I am attempting to fit a model to a dataset with frequency (Hz) is the dependent variable. Using a generalized linear model based on a gamma distribution seems appropriate since the values of the dependent variable are $0 \rightarrow \infty$ and I have confirmed that the observed values align with a gamma distribution using a qqplot.
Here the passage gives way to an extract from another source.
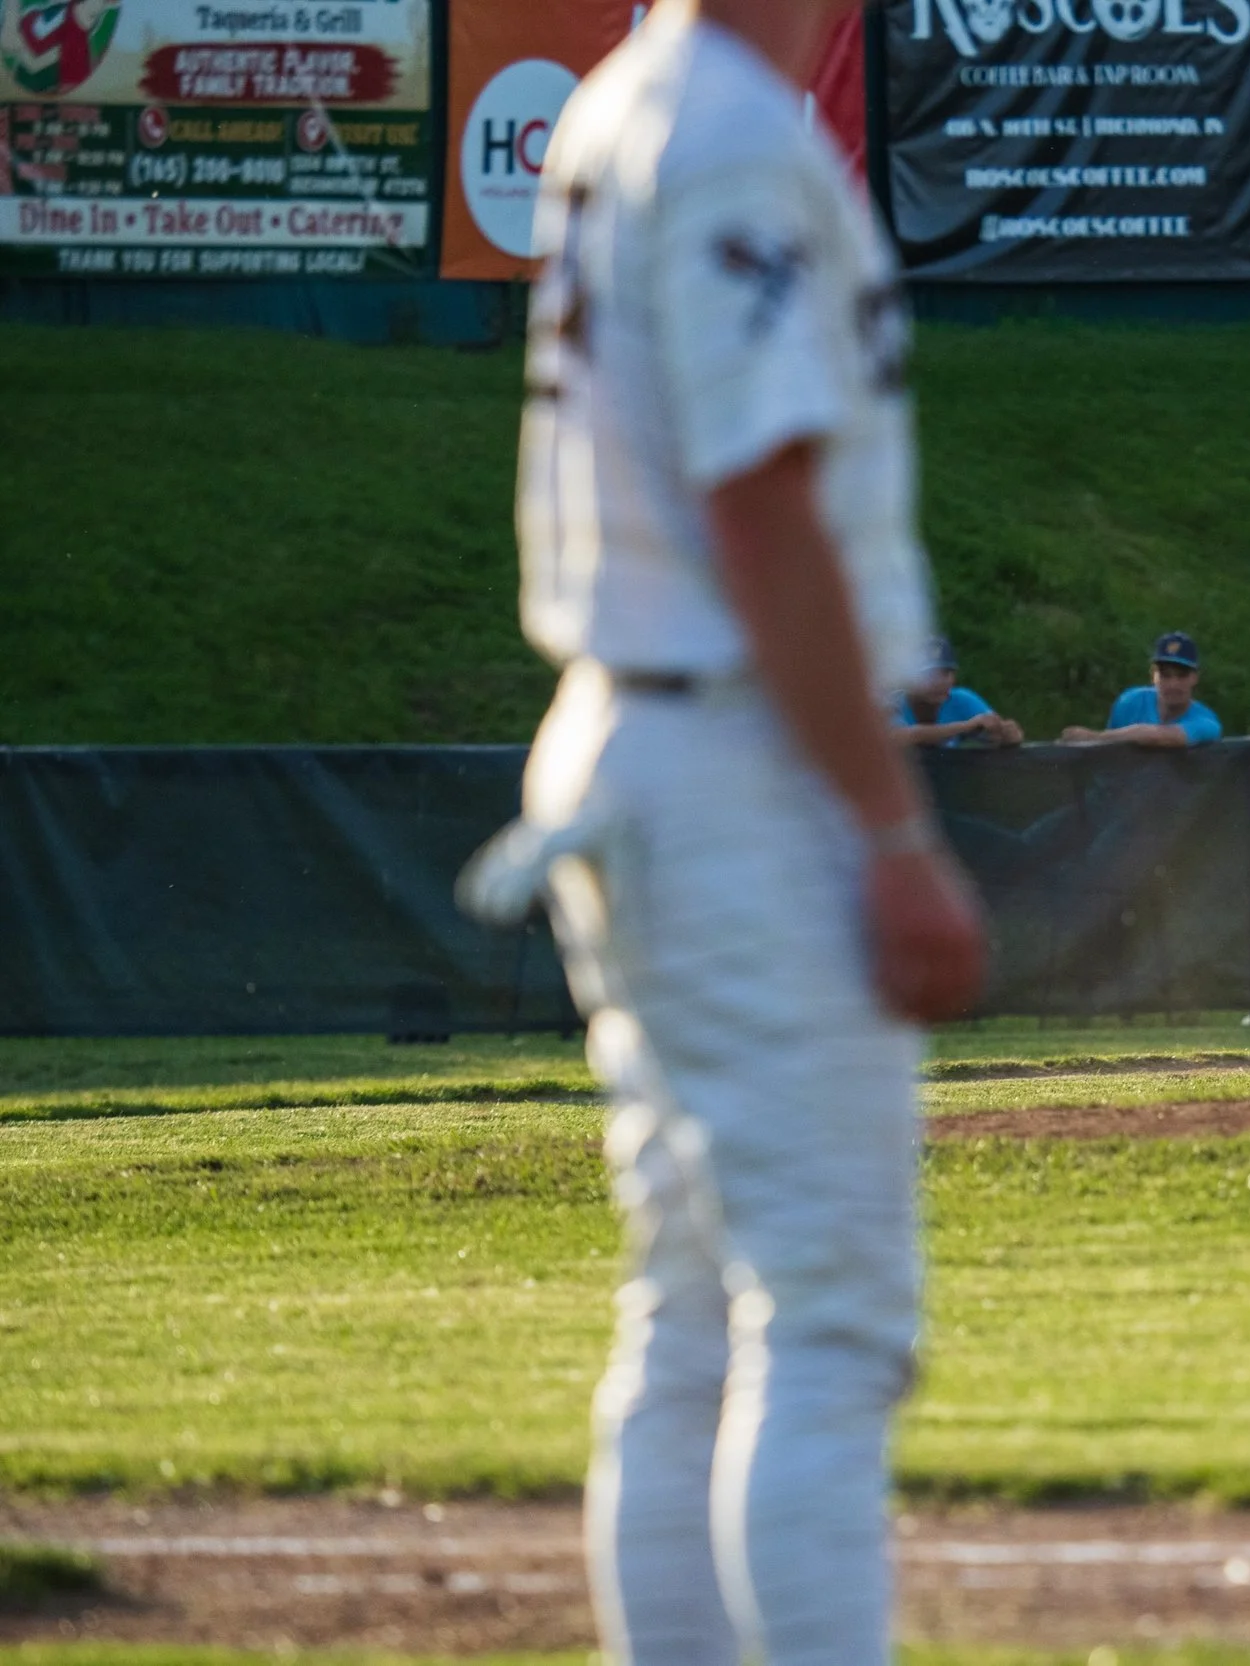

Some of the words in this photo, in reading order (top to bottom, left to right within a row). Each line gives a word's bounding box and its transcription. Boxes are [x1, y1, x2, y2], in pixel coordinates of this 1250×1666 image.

I am attempting to fit the model in R using glm
, however it is unclear to me what the estimate values returned by summary.glm
refer to.
The example from the documentation is provided for context
clotting <- data.frame(
u = c(5,10,15,20,30,40,60,80,100),
lot1 = c(118,58,42,35,27,25,21,19,18))
glm.clotting <- glm(
lot1 ~ log(u),
data = clotting,
family = Gamma
)
summary(glm.clotting)
Coefficients:
Estimate Std. Error t value Pr(>|t|)
(Intercept) -0.0165544 0.0009275 -17.85 4.28e-07 ***
log(u) 0.0153431 0.0004150 36.98 2.75e-09 ***
---
Signif. codes: 0 ‘***’ 0.001 ‘**’ 0.01 ‘*’ 0.05 ‘.’ 0.1 ‘ ’ 1
I assume these refer to one of the shape parameters of the fitted gamma distribution, but I have not been able to find a clear explanation. Do these values refer to the gamma distribution average $\mu = k\theta = \frac{\alpha}{\beta}$? the rate parameter $\beta$ ? or the scale parameter $\theta$?
Also, how should these estimates be interpreted differently in the context of a continuous independent variable (as in the example) verse a discrete independent variable?